# [WHAT THE EXERCISE ASKS]
Write the records out again exactly as they read, dropping any picture they hold.

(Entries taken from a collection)
#####

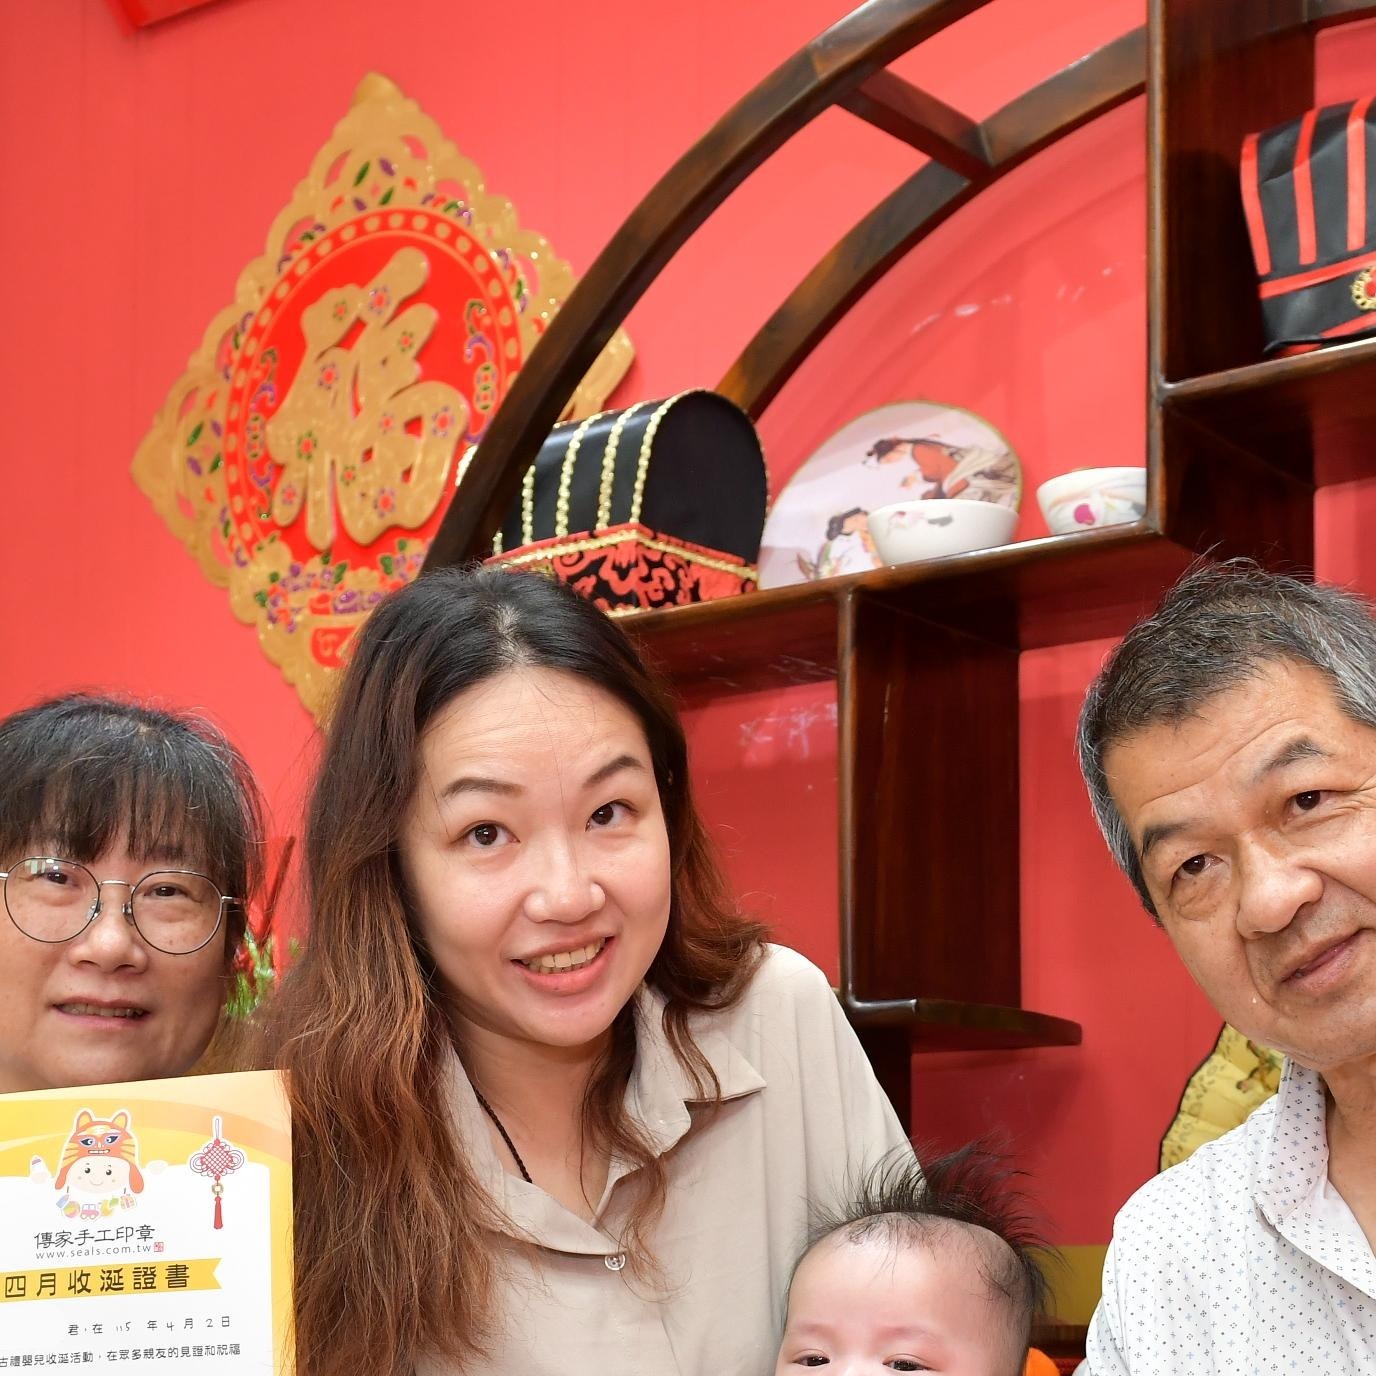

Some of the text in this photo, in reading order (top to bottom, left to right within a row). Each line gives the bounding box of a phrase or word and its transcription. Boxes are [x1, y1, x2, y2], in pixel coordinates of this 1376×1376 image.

[266, 246, 468, 551] 福
[34, 1224, 155, 1249] 傳家手工印章
[35, 1244, 151, 1260] www.seals.com.tw
[5, 1263, 190, 1298] 四月收涎證書
[146, 1320, 158, 1331] 年
[166, 1321, 175, 1332] 4
[183, 1317, 194, 1330] 月
[205, 1318, 214, 1328] 2
[221, 1315, 230, 1328] 日
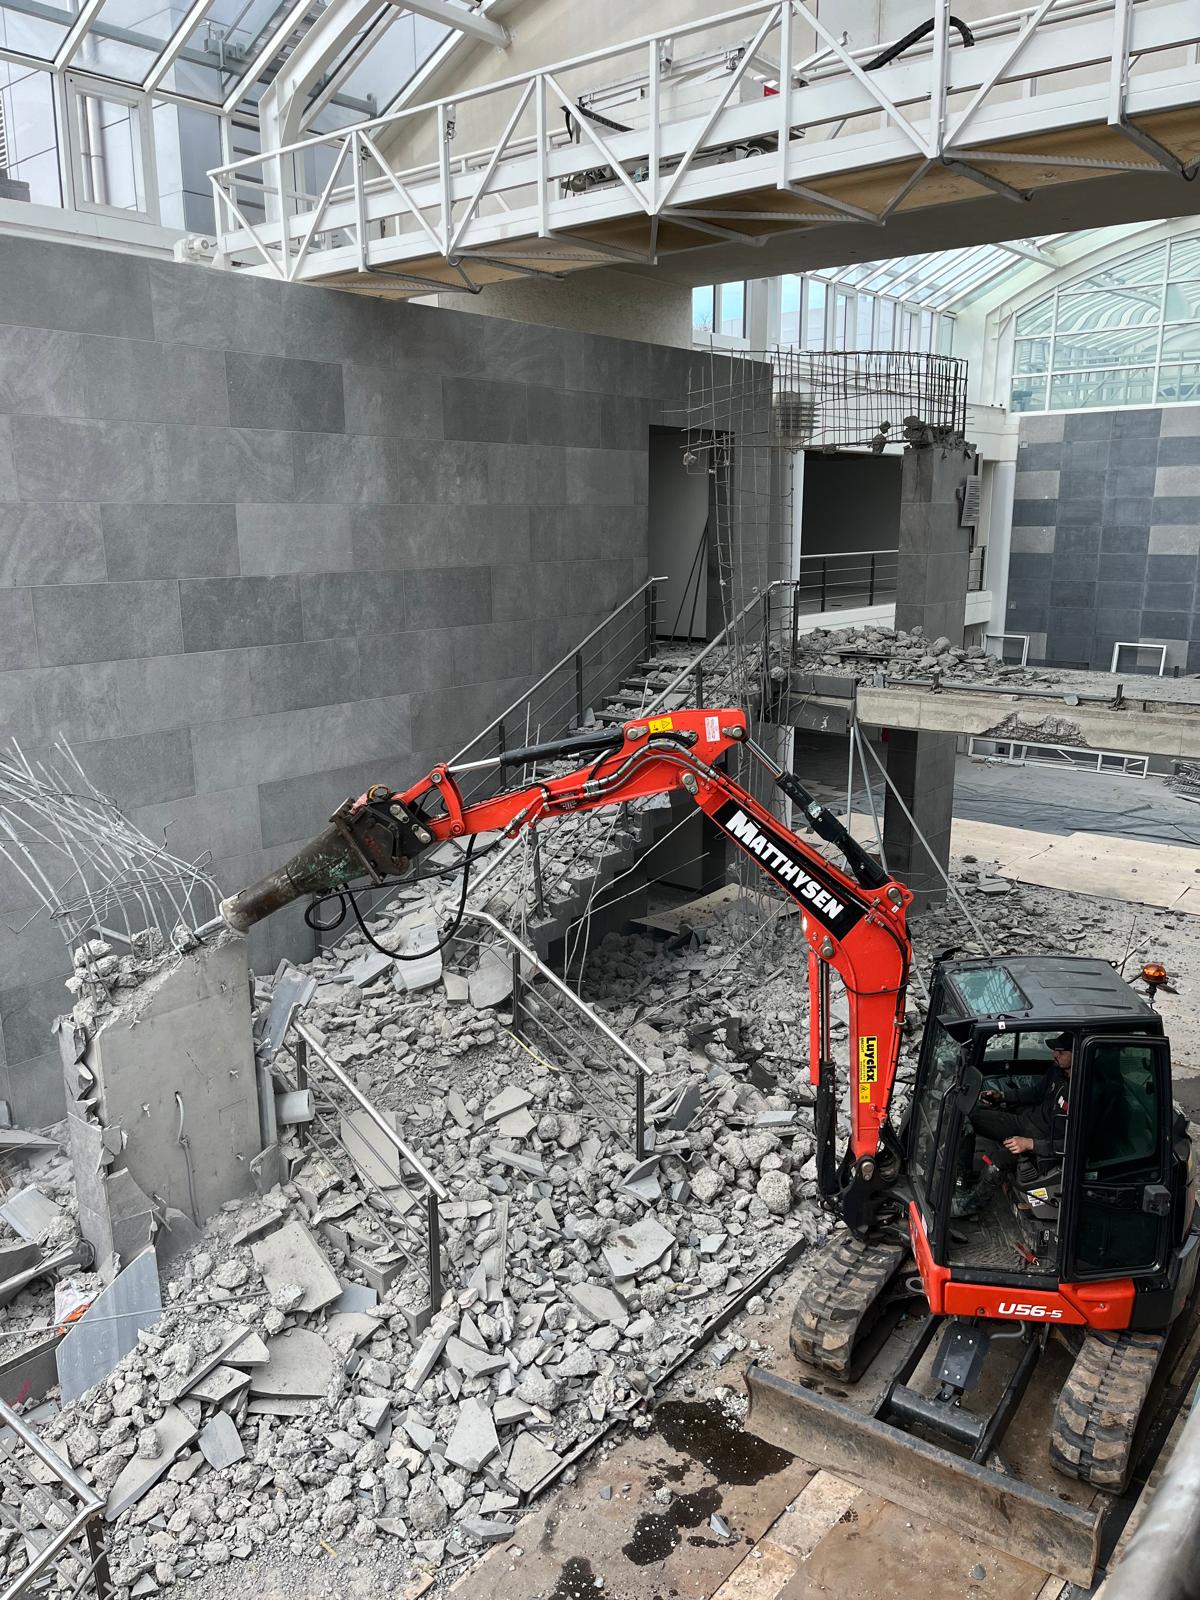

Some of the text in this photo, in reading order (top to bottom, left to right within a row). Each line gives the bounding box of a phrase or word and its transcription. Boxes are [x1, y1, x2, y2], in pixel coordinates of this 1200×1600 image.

[725, 810, 844, 919] MATTHYSEN
[864, 1037, 876, 1081] Luyckx
[998, 1302, 1063, 1318] U56-5

#####

# [RESULT OF THE TASK]
Some of the text in this photo, in reading order (top to bottom, left to right within a row). Each line gives the bounding box of a phrase or word and its transcription. Boxes are [x1, y1, x2, y2], in pixel coordinates of this 1376×1376 image.

[266, 246, 468, 551] 福
[34, 1224, 155, 1249] 傳家手工印章
[35, 1244, 151, 1260] www.seals.com.tw
[5, 1263, 190, 1298] 四月收涎證書
[146, 1320, 158, 1331] 年
[166, 1321, 175, 1332] 4
[183, 1317, 194, 1330] 月
[205, 1318, 214, 1328] 2
[221, 1315, 230, 1328] 日

Some of the text in this photo, in reading order (top to bottom, left to right within a row). Each line gives the bounding box of a phrase or word and its transcription. Boxes are [x1, y1, x2, y2], in pixel coordinates of this 1200×1600 image.

[725, 810, 844, 919] MATTHYSEN
[864, 1037, 876, 1081] Luyckx
[998, 1302, 1063, 1318] U56-5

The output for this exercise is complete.